No line before the one containing "this 1280×1707 image." is to be output; retype exactly that line and all lines that follow it to the end of the records.

● **INPUT DATA**:
━━━
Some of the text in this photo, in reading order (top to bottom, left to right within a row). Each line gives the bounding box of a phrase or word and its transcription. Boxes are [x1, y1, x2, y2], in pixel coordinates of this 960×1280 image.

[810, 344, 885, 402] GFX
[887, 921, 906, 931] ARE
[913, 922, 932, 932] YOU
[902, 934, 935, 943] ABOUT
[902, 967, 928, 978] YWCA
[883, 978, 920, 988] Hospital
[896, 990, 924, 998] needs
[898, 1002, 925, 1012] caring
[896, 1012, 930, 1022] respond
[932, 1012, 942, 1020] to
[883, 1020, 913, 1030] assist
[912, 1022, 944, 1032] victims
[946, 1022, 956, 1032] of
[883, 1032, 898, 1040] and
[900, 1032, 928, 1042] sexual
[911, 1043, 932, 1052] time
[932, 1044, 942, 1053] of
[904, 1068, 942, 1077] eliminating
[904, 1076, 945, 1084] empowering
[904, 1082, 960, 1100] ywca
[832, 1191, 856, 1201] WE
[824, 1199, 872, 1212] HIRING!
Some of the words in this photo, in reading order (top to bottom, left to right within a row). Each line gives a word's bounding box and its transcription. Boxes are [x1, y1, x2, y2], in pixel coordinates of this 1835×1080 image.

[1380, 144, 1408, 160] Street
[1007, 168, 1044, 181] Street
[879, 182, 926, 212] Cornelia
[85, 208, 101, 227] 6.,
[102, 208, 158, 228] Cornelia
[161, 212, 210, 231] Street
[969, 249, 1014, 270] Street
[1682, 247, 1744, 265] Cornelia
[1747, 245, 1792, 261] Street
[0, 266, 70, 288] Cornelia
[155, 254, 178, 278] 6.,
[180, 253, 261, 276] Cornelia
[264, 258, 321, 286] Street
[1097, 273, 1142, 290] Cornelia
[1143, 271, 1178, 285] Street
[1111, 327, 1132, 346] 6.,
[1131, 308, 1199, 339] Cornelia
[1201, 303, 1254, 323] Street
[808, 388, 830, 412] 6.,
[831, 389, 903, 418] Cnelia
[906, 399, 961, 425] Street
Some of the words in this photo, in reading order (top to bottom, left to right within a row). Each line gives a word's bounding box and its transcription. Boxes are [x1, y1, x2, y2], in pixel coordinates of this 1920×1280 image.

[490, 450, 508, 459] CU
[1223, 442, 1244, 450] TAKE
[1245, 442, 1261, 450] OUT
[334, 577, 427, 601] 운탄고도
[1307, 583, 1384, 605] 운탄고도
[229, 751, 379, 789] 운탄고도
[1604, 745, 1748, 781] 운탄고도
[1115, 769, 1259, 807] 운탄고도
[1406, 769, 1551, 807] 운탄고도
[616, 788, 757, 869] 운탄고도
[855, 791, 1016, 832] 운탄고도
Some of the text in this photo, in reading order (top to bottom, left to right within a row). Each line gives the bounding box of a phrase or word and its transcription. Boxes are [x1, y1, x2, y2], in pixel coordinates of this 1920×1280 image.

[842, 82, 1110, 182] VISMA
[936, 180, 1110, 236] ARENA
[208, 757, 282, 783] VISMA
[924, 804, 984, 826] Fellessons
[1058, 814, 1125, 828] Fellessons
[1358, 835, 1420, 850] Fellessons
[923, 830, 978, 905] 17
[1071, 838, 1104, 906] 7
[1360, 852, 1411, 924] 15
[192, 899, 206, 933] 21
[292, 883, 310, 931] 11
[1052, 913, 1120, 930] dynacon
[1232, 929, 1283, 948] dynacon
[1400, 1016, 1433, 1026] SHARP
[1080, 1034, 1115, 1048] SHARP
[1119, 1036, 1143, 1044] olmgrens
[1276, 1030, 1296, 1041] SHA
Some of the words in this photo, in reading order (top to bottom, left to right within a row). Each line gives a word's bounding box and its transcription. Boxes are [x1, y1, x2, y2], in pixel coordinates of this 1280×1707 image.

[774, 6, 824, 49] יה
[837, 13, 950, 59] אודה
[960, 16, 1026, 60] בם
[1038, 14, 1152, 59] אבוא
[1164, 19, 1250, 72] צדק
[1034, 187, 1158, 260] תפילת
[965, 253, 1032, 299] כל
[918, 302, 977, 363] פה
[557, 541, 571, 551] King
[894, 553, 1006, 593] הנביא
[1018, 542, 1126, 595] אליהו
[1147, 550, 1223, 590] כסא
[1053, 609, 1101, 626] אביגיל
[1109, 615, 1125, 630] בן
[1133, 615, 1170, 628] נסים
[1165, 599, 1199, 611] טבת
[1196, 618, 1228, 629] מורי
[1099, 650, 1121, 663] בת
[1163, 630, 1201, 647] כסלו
━━━
● **WORKED SOLUTION**:
Some of the words in this photo, in reading order (top to bottom, left to right within a row). Each line gives a word's bounding box and its transcription. Boxes are [x1, y1, x2, y2], in pixel coordinates of this 1280×1707 image.

[774, 6, 824, 49] יה
[837, 13, 950, 59] אודה
[960, 16, 1026, 60] בם
[1038, 14, 1152, 59] אבוא
[1164, 19, 1250, 72] צדק
[1034, 187, 1158, 260] תפילת
[965, 253, 1032, 299] כל
[918, 302, 977, 363] פה
[557, 541, 571, 551] King
[894, 553, 1006, 593] הנביא
[1018, 542, 1126, 595] אליהו
[1147, 550, 1223, 590] כסא
[1053, 609, 1101, 626] אביגיל
[1109, 615, 1125, 630] בן
[1133, 615, 1170, 628] נסים
[1165, 599, 1199, 611] טבת
[1196, 618, 1228, 629] מורי
[1099, 650, 1121, 663] בת
[1163, 630, 1201, 647] כסלו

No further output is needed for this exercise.